Hearing Your Inner Nutritionist
Katherine Tomlinson rebels against a “one-size-fits-all” approach to the diabetes diet.
The clinic where my doctor works has an on-site nutritionist. When I was first diagnosed, I had a meeting with her. She gave me my meter, and showed me how to use it and then she gave me a list of vitamin supplements to purchase. So far so good.
And then we got to the handouts.
You know the handouts I mean—the ones with pie charts and pyramids and diagrams and lists of “good” and “bad” foods.
“You’re going to have to really cut down on your portions of potatoes,” she said while I scanned the handouts.
“I don’t eat potatoes anymore,” I said, sort of hoping for an ”attagirl”. (Just between us, giving up french fries was harder than giving up sweets. Especially seasoned Parmesan fries.)
“And have you heard of Ezekiel bread?” she asked, as if I hadn’t said anything.
“Yes,” I said. Before I could add that bread is off the table for me, she went on to tell me about the various bread-like options that are available.
“If you toast it, it’s pretty good,” she finished enthusiastically.
“Okay,” I said.
“No white rice,” she added.
“No problem,” I said.
She looked at me skeptically.
“I don’t like white rice,” I said. “I never eat it.” Which is true. My younger sister was allergic to milk and after my mother quit breastfeeding, she was fed a formula that was mixed with water boiled with rice. I had more rice as a kid than I ever wanted to eat. Pasta is another story.
I inwardly sighed and realized the conversation with the nutritionist was going downhill. Despite her best intentions, she was handing me the “one size fits all” option of nutritional advice. And you know what? That never worked for me buying clothes, and it hasn’t worked for me as an eating plan, either.
For example, oatmeal was on the suggested menu. It’s a whole grain (unless you buy instant oatmeal) and its cholesterol-fighting properties are well known. Practically every diabetic eating plan has oatmeal in there somewhere.
Now, I’m not a fan of oatmeal. I think it is only truly edible as an ingredient in oatmeal cookies, but I was willing to give it a shot. And I’m not talking about a big bowl with chopped apples and walnuts and brown sugar and cream. I ate it hardcore—naked and gelatinous and kind of gray. It was not the most appetizing breakfast, but I kept telling myself that it’s fuel, not fun.
Imagine my surprise when my blood sugar shot up after my first bowl.
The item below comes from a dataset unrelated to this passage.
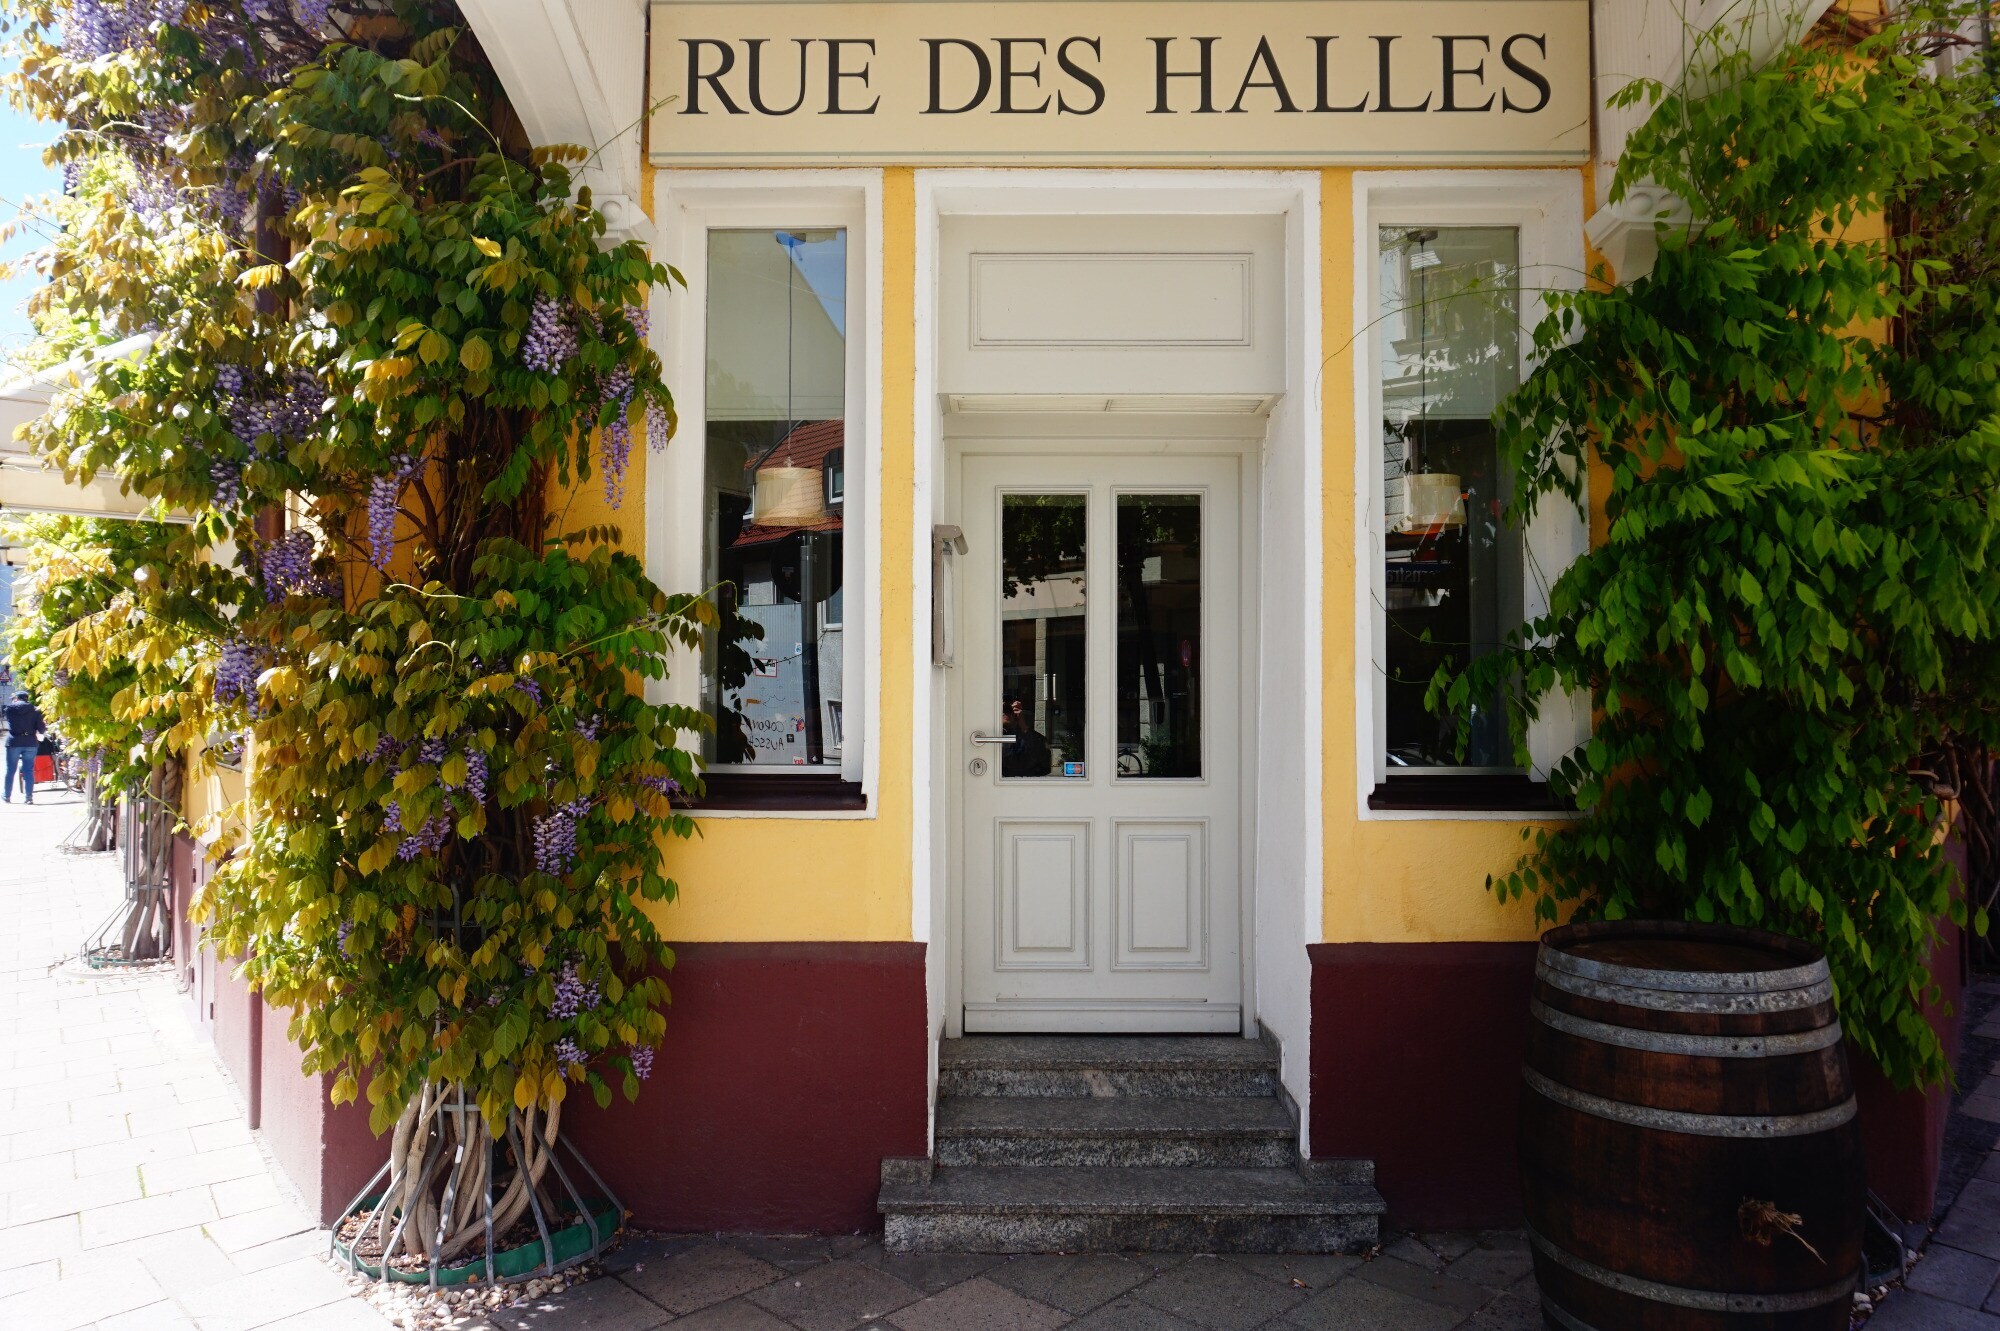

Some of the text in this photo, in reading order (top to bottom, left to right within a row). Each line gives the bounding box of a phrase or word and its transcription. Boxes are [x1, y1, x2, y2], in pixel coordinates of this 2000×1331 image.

[676, 34, 1552, 116] RUE DES HALLES
In fact, every time afterwards that I ate oatmeal for breakfast, my postprandial numbers shot up. So I switched to a breakfast of protein with a small (really small) amount of fruit and those numbers flattened out like magic.
Also on the recommended list were low-fat dairy products. Now, I was never the girl who sat down with a piece of cake and an ice-cold glass of milk. In fact, I can actually tell you the last time I drank a whole glass of milk; it was my freshman year in college and I don’t really know what possessed me to pick up the little waxy carton as I went through the cafeteria line.
But I do eat yogurt and I do eat cheese. I understood why the nutritionist was pushing the low-fat versions—weight loss is step one when you’re overweight and diabetic—but I was already losing weight. There also is growing scientific evidence suggesting the process of de-fatting foods sometimes can lead to your body processing calories inefficiently. Greek yogurt mixed with chopped berries became a mainstay of my meal plans. I eat the full-fat kind and my cholesterol is fine, and so is my blood sugar.
I know that I don’t know everything (There are some people who might be surprised to hear me admit that). And I know that managing diabetes is a team effort. I am really grateful to the team I have working on my behalf. But I also know that every body reacts differently to different foods, and I’m the one who knows my body best.
And my body does not need oatmeal. Thank God.